In this case x is a composite of the 2,000 products and their respective 36 element time series. y is a composite of 2,000 time series models, perhaps including results of forecasting against a held-out portion of the data.
Before attempting to do anything 2,000 times at once, it is preferable to design a function f to do it once.
This begins with extracting an object for a single SKU from x. Each SKU is in its own row, a vector, containing a presumably character vector of the SKU identifer and a numeric vector of length 32. As toy data
SKU <- "blue towel"
dat <- seq(1:36)
(dat
in preference to data
because the latter is a built-in function and some operations give precedence to the later.)
Assuming that x is in the global environment as a data frame SKU
sku <- SKU[1,2:37]
The subset operator is row first, column second.

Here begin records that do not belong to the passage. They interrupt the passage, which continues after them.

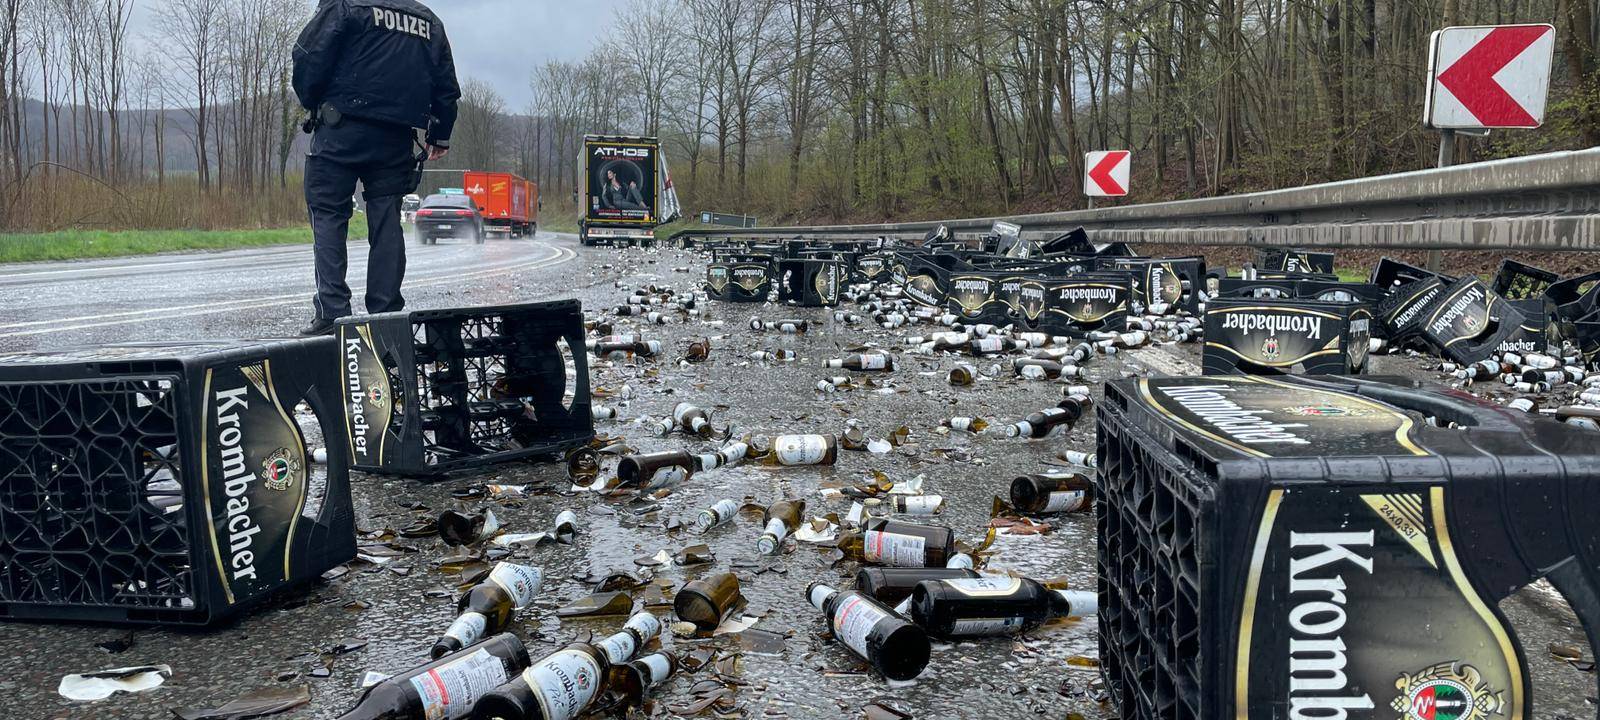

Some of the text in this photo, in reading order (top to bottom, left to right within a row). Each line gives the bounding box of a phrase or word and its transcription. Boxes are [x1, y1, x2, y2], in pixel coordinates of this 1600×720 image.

[372, 7, 431, 40] POLIZEI
[594, 147, 649, 157] ATHOS
[907, 284, 938, 306] Krombacher
[955, 280, 989, 295] Krombacher
[1059, 288, 1116, 303] Krombacher
[1152, 267, 1164, 305] Krombach
[1222, 313, 1321, 340] Krombacher
[1432, 287, 1484, 334] Krombacher
[1496, 338, 1536, 352] bacher
[346, 338, 370, 456] Krombacher
[1158, 384, 1311, 444] Krombacher
[216, 385, 262, 581] Krombacher
[506, 564, 533, 597] mbacher
[1288, 529, 1375, 720] Kromb
[544, 661, 578, 717] Krombach
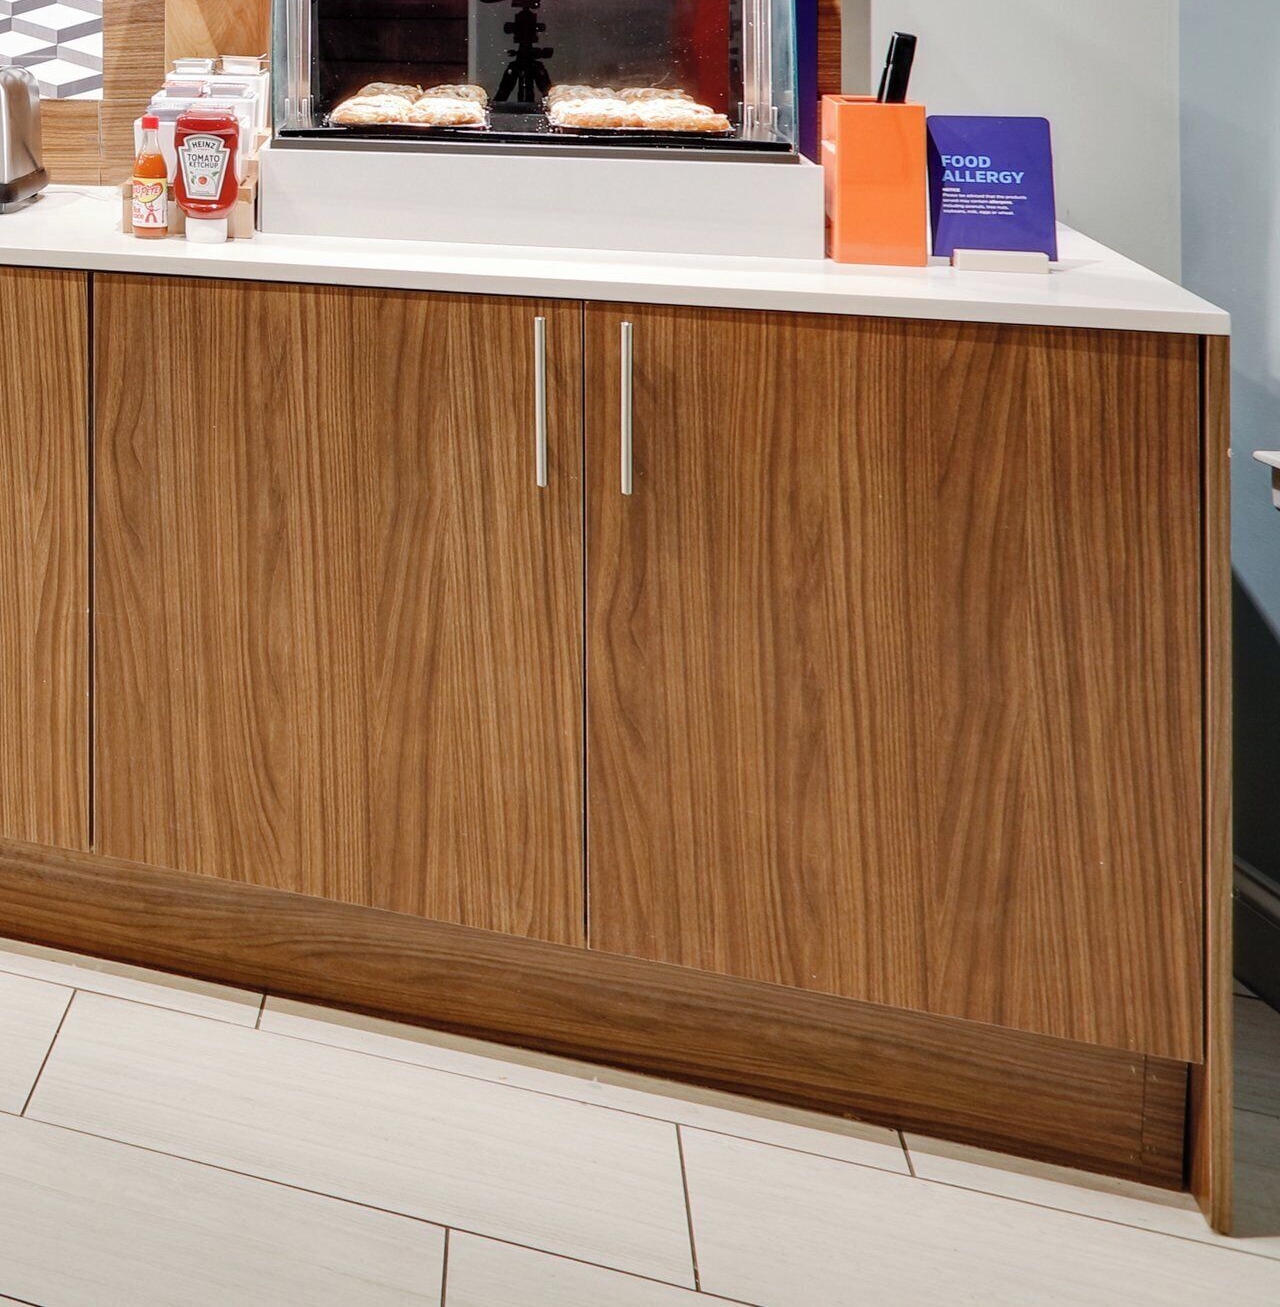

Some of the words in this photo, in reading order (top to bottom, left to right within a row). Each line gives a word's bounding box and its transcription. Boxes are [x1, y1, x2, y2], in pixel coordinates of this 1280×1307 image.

[191, 140, 216, 150] HEINZ
[187, 153, 220, 163] TOMATO
[941, 155, 991, 168] FOOD
[189, 161, 219, 169] KETCHUP
[942, 170, 1024, 184] ALLERGY
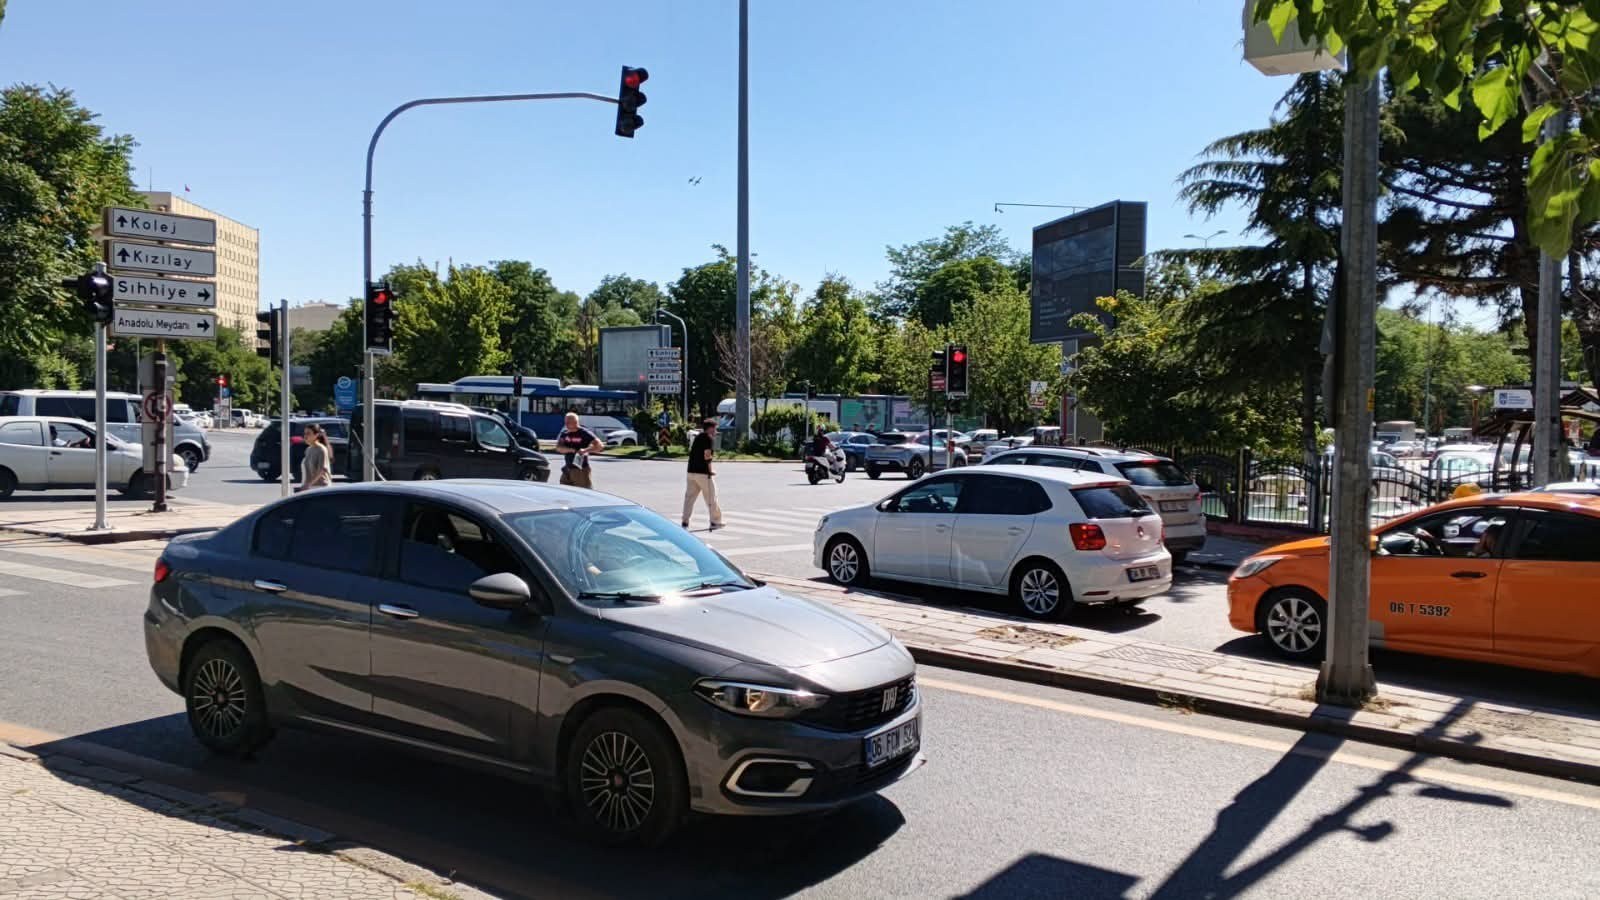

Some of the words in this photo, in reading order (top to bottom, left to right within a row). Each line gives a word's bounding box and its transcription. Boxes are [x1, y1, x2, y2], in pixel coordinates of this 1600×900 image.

[131, 216, 177, 235] Kolej
[133, 250, 192, 270] Kızılay
[118, 281, 187, 300] Sıhhiye
[118, 317, 154, 329] Anadolu
[156, 319, 190, 331] Meydanı
[1389, 601, 1405, 614] 06
[1409, 603, 1416, 615] T
[1419, 604, 1451, 616] 5392
[872, 738, 882, 758] 06

The lowercase name is intentional—it can be reused for every other row, since only one-at-a-time is involved.
This is the first opportunity to make a function
pick_one <- function(x) SKU[x,2:37]
and this revises the corresponding line above
sku <- pick_one(1)
Next, a function to convert dat
into a time series object.
mk_ts <- function() ts(dat, start = c(2018,1), frequency = 12)

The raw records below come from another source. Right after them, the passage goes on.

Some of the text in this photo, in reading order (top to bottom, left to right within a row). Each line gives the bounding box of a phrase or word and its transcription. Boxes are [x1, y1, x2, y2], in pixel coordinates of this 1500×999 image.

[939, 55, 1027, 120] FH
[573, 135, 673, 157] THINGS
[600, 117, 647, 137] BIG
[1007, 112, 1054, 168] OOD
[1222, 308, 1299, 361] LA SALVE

In a non-toy example, there would here be some error trapping for gaps, etc.
series <- mk_ts()
The next step is to model series
with one or more of the baseline models, NAIVE, MEAN, DRIFT, RW, SNAIVE
. These are from {fpp3}. The reason for that package will become obvious when when it comes to running multiple models in one go:
mk_model <- function() fit <- series %>% model(Naive = NAIVE(series))
the_model <- mk_model()
This requires {dplyr} or {magrittr} to be loaded, for the %>%
pipe operator.
Between mk_ts()
and mk_object
, there should be, of course, diagnostics for autocorrelation, trend, which will have a bearing on choice of model, and program flow logic based those results. Also consider inflation adjustments, if applicable, as well as log transformation or differencing. The best way to understand these is to work through the examples in Hyndman's book thoroughly for a single SKU and then pick another few at random.

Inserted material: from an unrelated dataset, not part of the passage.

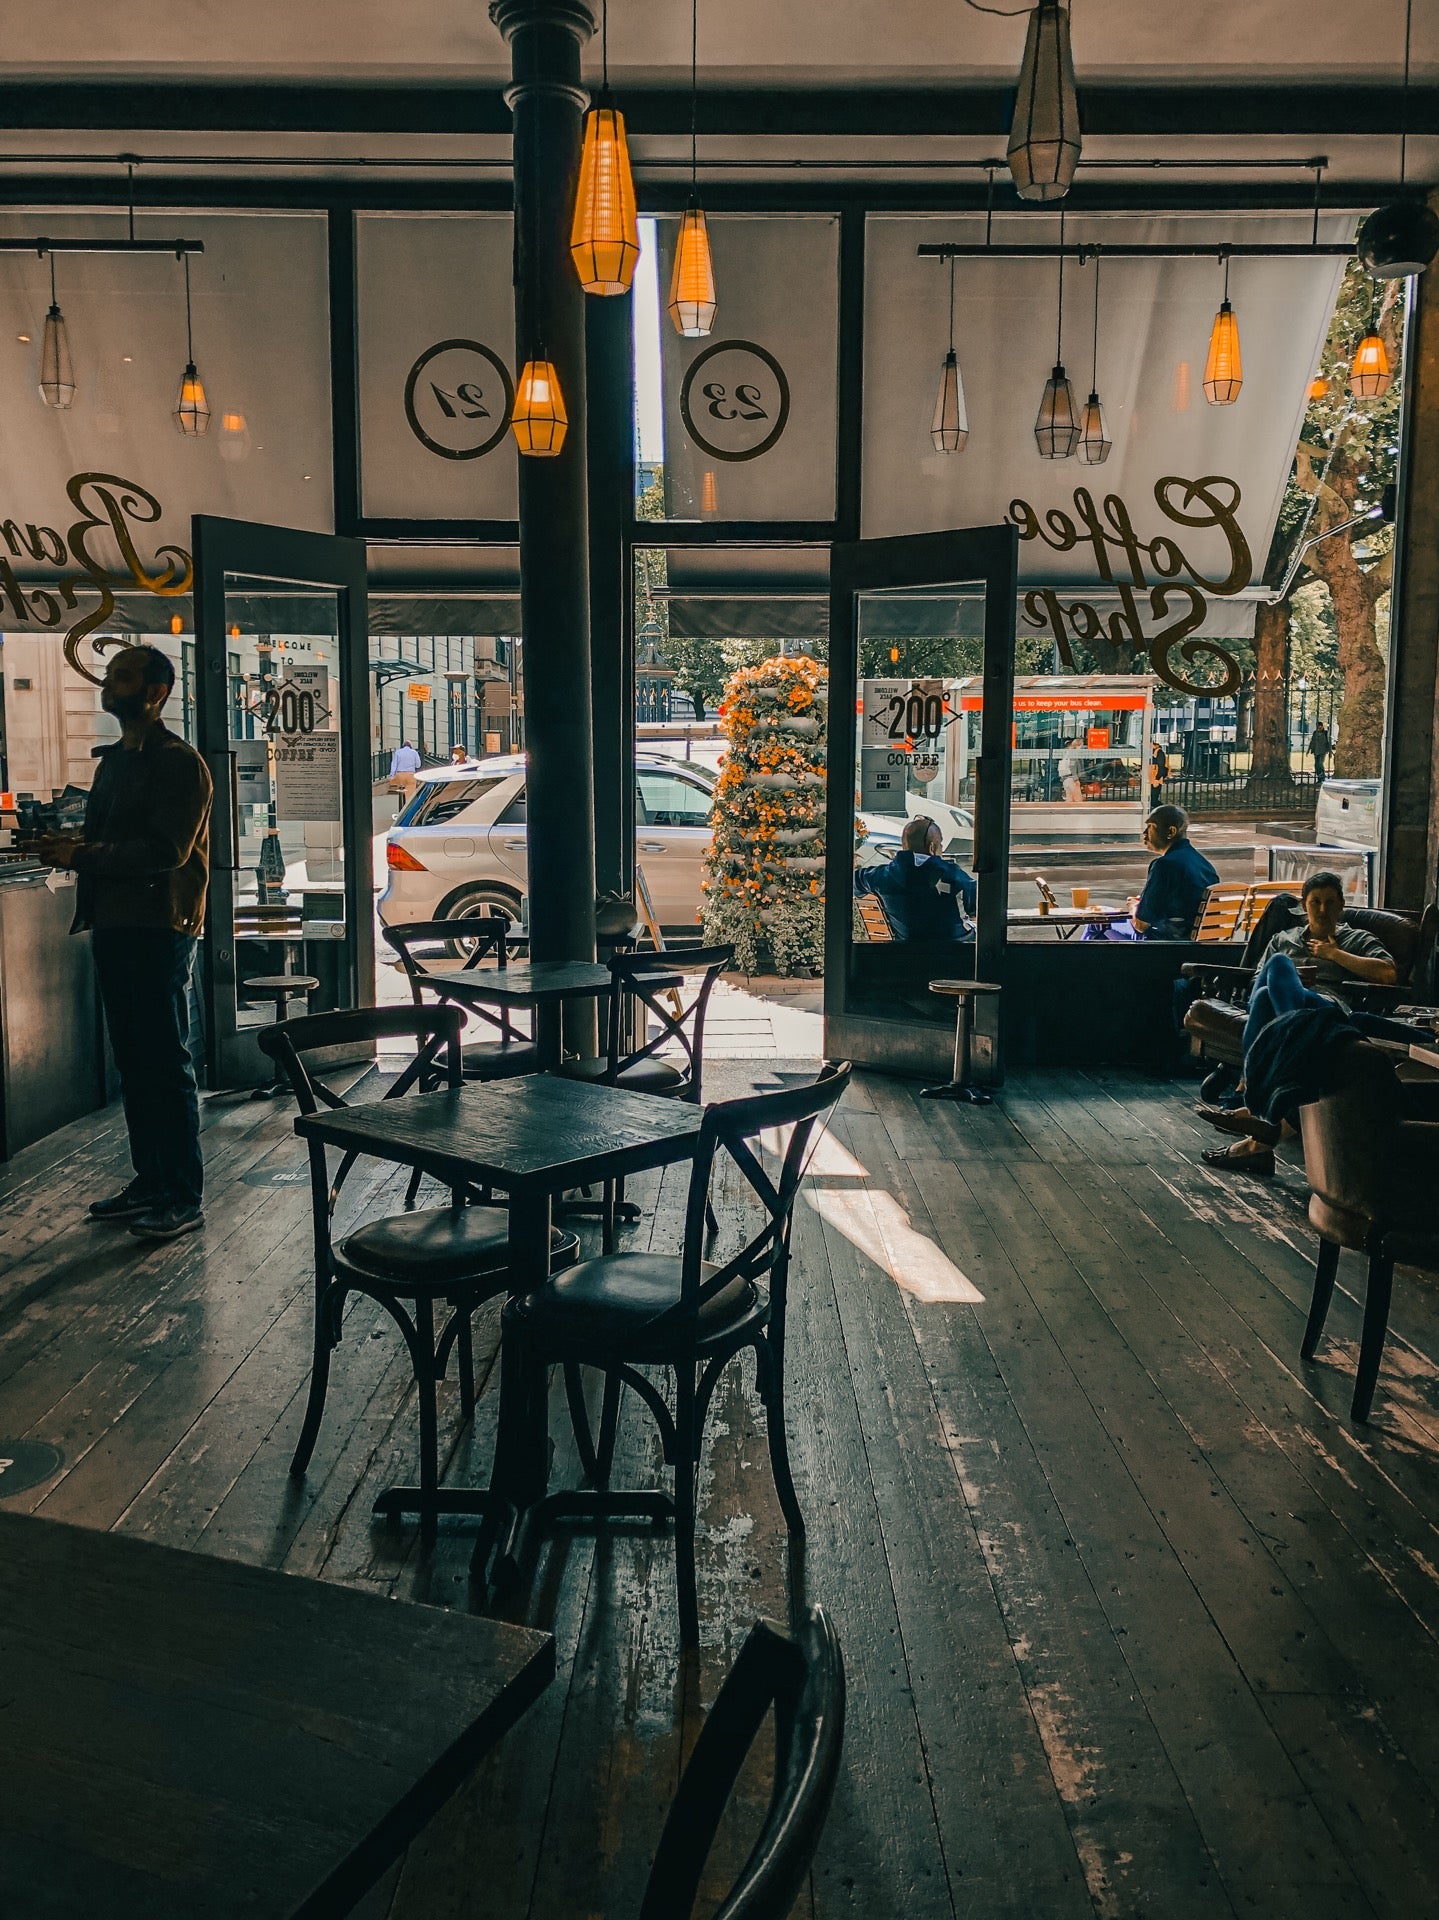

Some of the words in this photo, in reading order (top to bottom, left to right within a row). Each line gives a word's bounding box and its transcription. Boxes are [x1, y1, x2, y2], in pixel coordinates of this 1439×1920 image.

[281, 656, 294, 666] TO
[267, 748, 315, 762] COFFEE
[887, 753, 939, 766] COFFEE

Given a model, the residual diagnostics must be considered. See Hyndman § 5.7.
When this is complete, thought should be given as to what model features should be captured and the appropriate object to contain them.
There is no golden road to forecasting with even a single series. Although there are tests, not all of these should be automated because application may require judgment. Do not attempt to fully automate even model creation without an informed understanding of all the required steps to make forecasts that can be defended.